:: REQUIREMENT ::
When you return the data, keep every word exact and include none of the images.

:: DATA FOR ANALYSIS ::
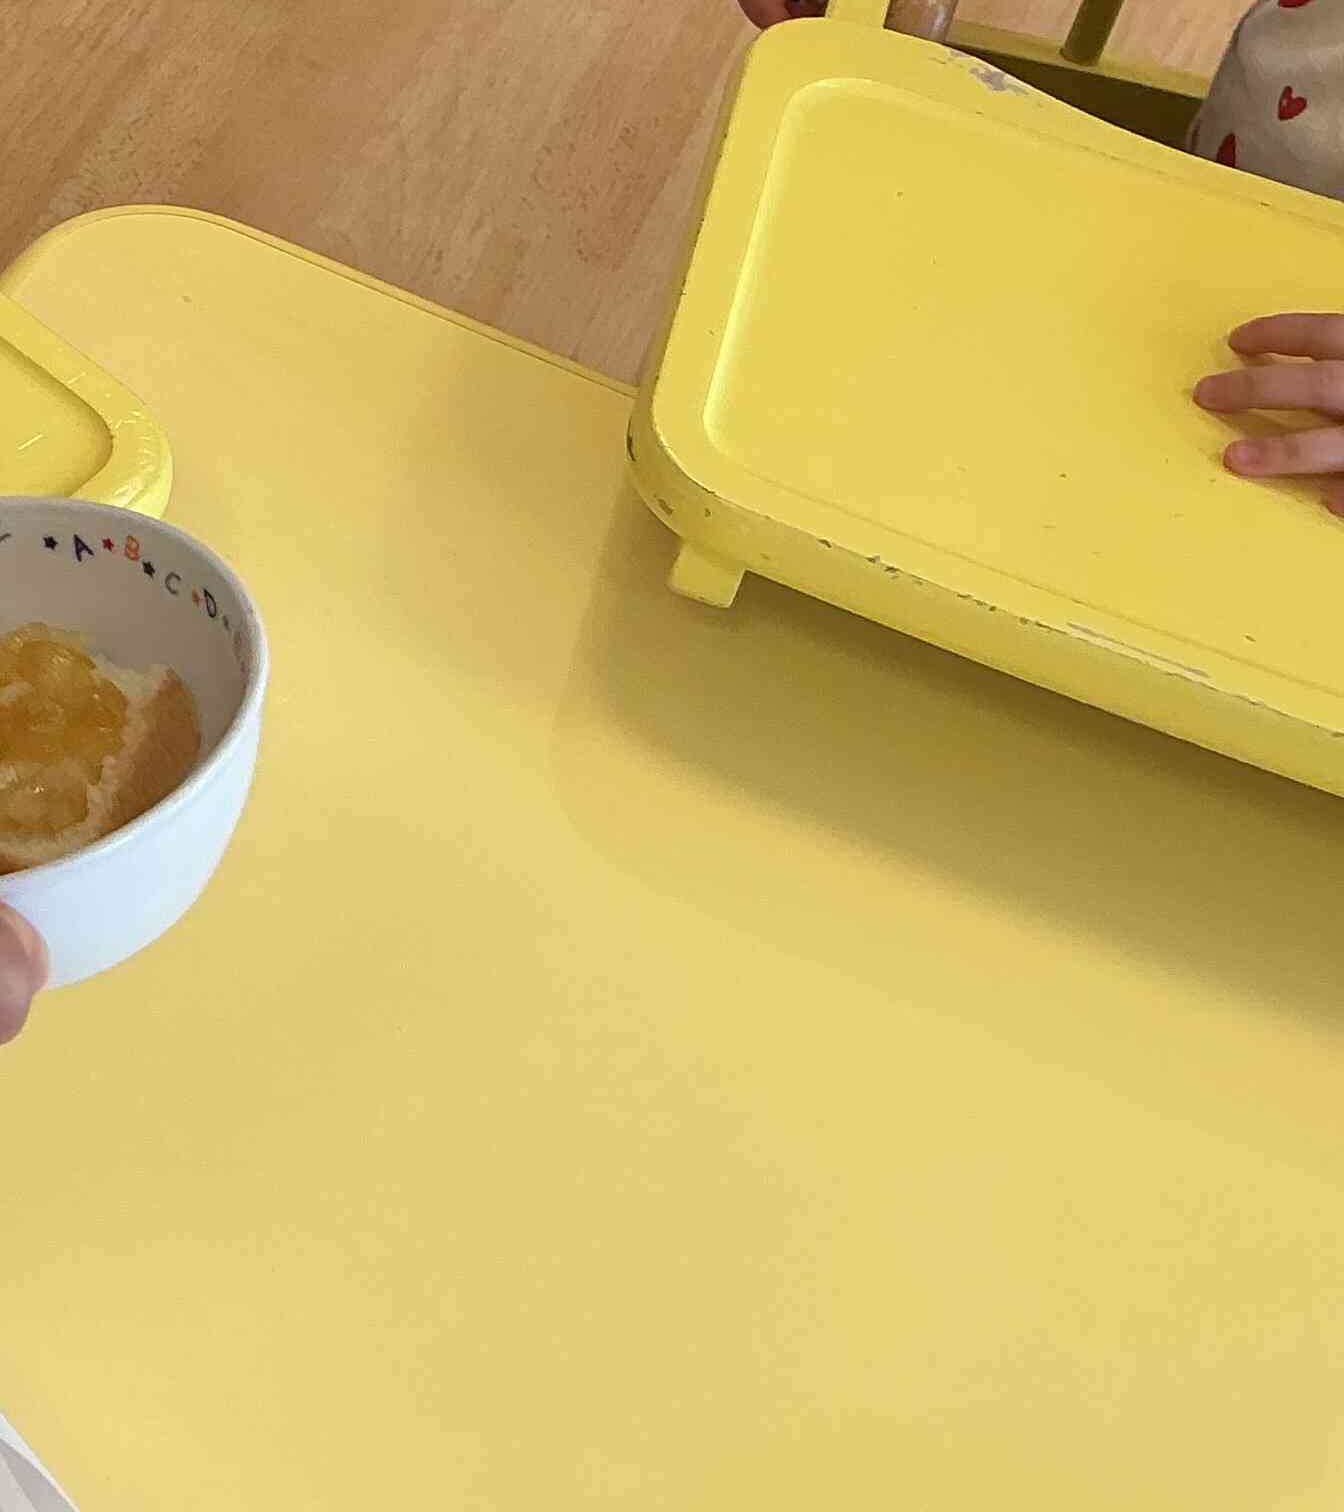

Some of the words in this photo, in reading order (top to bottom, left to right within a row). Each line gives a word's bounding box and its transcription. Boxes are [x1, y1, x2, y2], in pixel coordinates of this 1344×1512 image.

[73, 534, 95, 562] A
[124, 535, 140, 561] B
[164, 572, 181, 596] C
[203, 589, 218, 618] D

:: RESULT OF THE EXERCISE ::
Some of the words in this photo, in reading order (top to bottom, left to right within a row). Each line gives a word's bounding box and its transcription. Boxes are [x1, y1, x2, y2], in pixel coordinates of this 1344×1512 image.

[73, 534, 95, 562] A
[124, 535, 140, 561] B
[164, 572, 181, 596] C
[203, 589, 218, 618] D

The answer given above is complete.